Treatment dropout is a concern for all psychiatric conditions but it is a particular problem for PTSD. Although the average dropout rate for PTSD treatment is similar to anxiety and depression disorders (e.g., Aderka et al., 2011; Hans & Hiller, 2013; Hofmann & Suvak, 2006; Keijers, Kapman, Hoogduin, 2001), the average rate is misleading because there is significant variability of dropout rates across studies (Imel et al., 2013; Swift & Greenberg, 2012). Swift and Greenberg (2012) observed a significant difference in treatment dropout rate as a function of treatment approach only for PTSD and depression. The significant variability in dropout rates between treatment approaches was not observed for ten other psychiatric disorders. Moreover, a recent meta-analysis of PTSD treatment dropout conducted by Imel, Laska, Jakupcak, and Simpson (2013) indicated that trauma-focused treatment, such as PE and CPT, had substantially higher dropout rates (i.e., 36%) relative to non-trauma focused treatments (i.e., Present Centered Treatment, 18%). Thus, treatment dropout rates in evidence-based treatments for PTSD is notably higher than dropout rates observed for other treatment approaches as well as other psychiatric conditions. What is not known is why dropout rates are elevated in cognitive behavioral treatment (CBT) for PTSD. A number of studies have examined who drops out of treatment, although inconsistent findings have emerged.
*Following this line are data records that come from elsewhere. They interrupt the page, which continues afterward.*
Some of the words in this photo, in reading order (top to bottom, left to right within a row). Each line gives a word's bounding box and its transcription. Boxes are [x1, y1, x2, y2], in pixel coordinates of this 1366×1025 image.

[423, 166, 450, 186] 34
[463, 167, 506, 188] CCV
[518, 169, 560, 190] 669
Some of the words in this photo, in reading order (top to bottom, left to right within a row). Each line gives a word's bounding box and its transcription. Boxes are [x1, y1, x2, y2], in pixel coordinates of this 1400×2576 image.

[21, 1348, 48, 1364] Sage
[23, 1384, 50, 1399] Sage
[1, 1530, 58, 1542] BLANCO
Some studies have found that younger age (Cloitre, Stovall-McClough, Miranda, & Chemtob, 2004), lower intelligence, less education (Rizvi, Vogt, & Resick, 2009), higher levels of anger at baseline (Foa, Riggs, Massie, Yarczower, 1995), and trauma event occurring in past year (Iverson et al., 2011) are risk factors for treatment dropout. Findings from other studies have not supported these risk factors (e.g., van Minnen, Arntz, Keijers, 2002).
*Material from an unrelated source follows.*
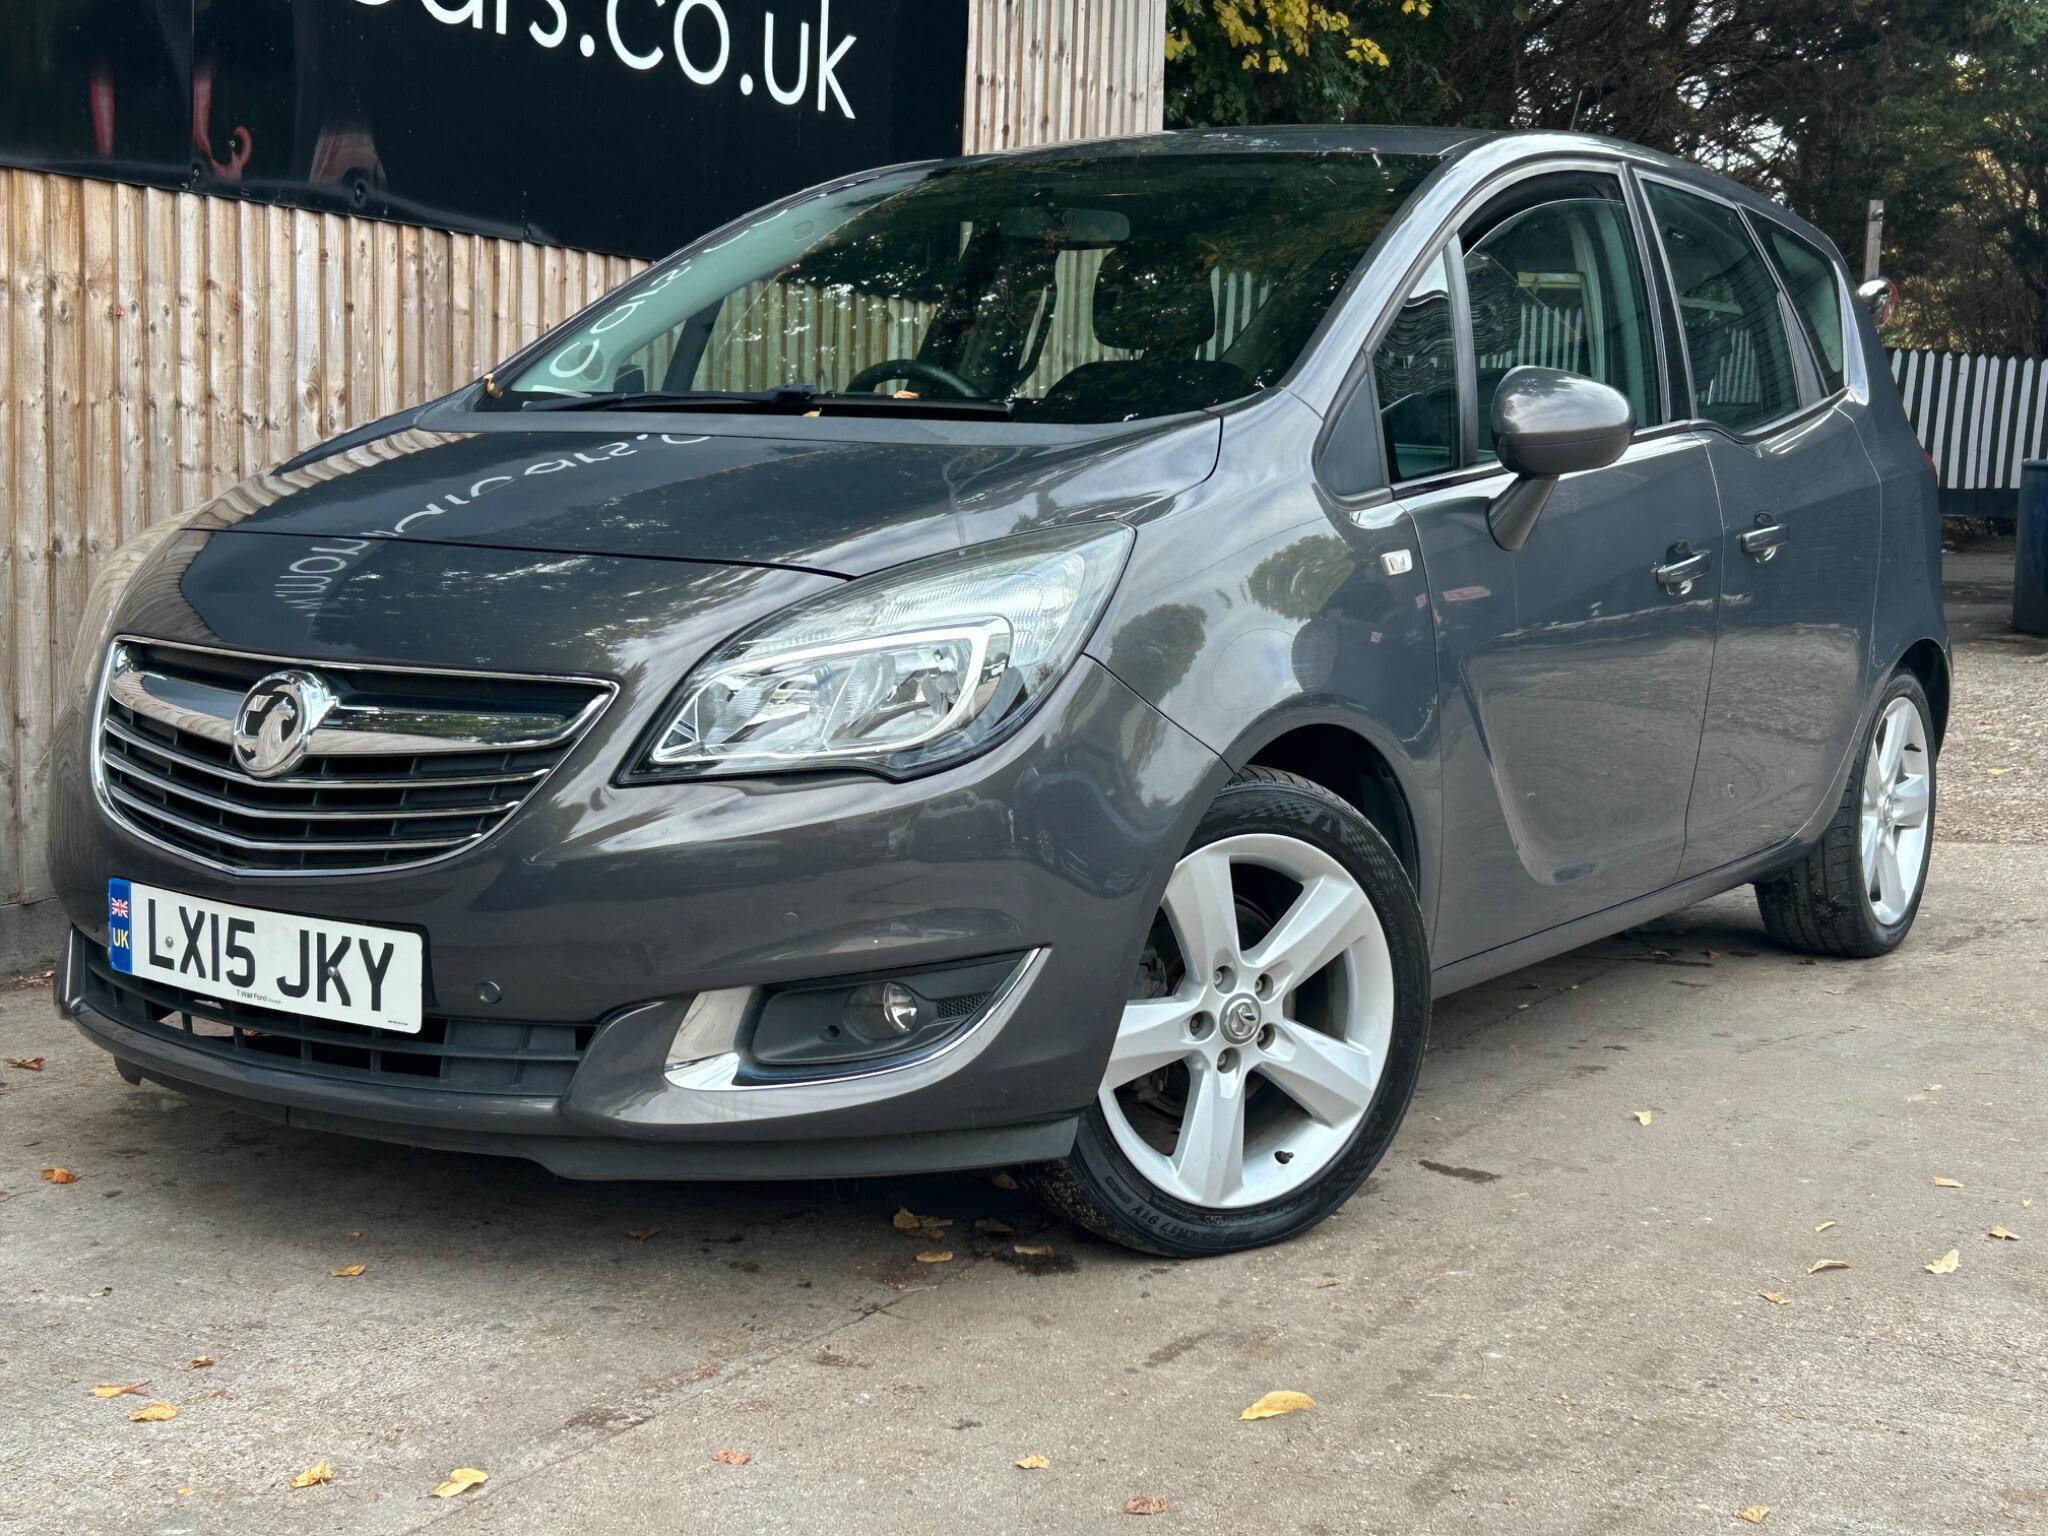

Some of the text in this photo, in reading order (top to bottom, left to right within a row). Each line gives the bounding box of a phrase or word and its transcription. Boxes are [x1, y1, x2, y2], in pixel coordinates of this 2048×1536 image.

[354, 0, 857, 119] s.co.uk
[112, 927, 130, 950] UK
[148, 898, 395, 1012] LX15 JKY
To understand why people dropout of CBT for PTSD we must first know when the dropouts occur. Different factors may influence why people drop out early versus late in the course of treatment. For instance, individuals may drop out late in the course of treatment because they have achieved clinically significant improvement, and consequently do not feel the need to complete additional treatment sessions. This possibility was underscored by findings of van Minnen and Foa (2006) who found that participants receiving the 12 session PE protocol needed an average of 6.8 sessions in order to achieve a 50% reduction in PTSD symptoms from their pre-treatment PTSD symptom score. Alternatively, avoidance behavior may account for individuals dropping out early in the course of CBT for PTSD given the focus on confronting the trauma memory in these treatments. Better understanding the time course of PTSD treatment dropout is an important step in improving treatment engagement and retention rates.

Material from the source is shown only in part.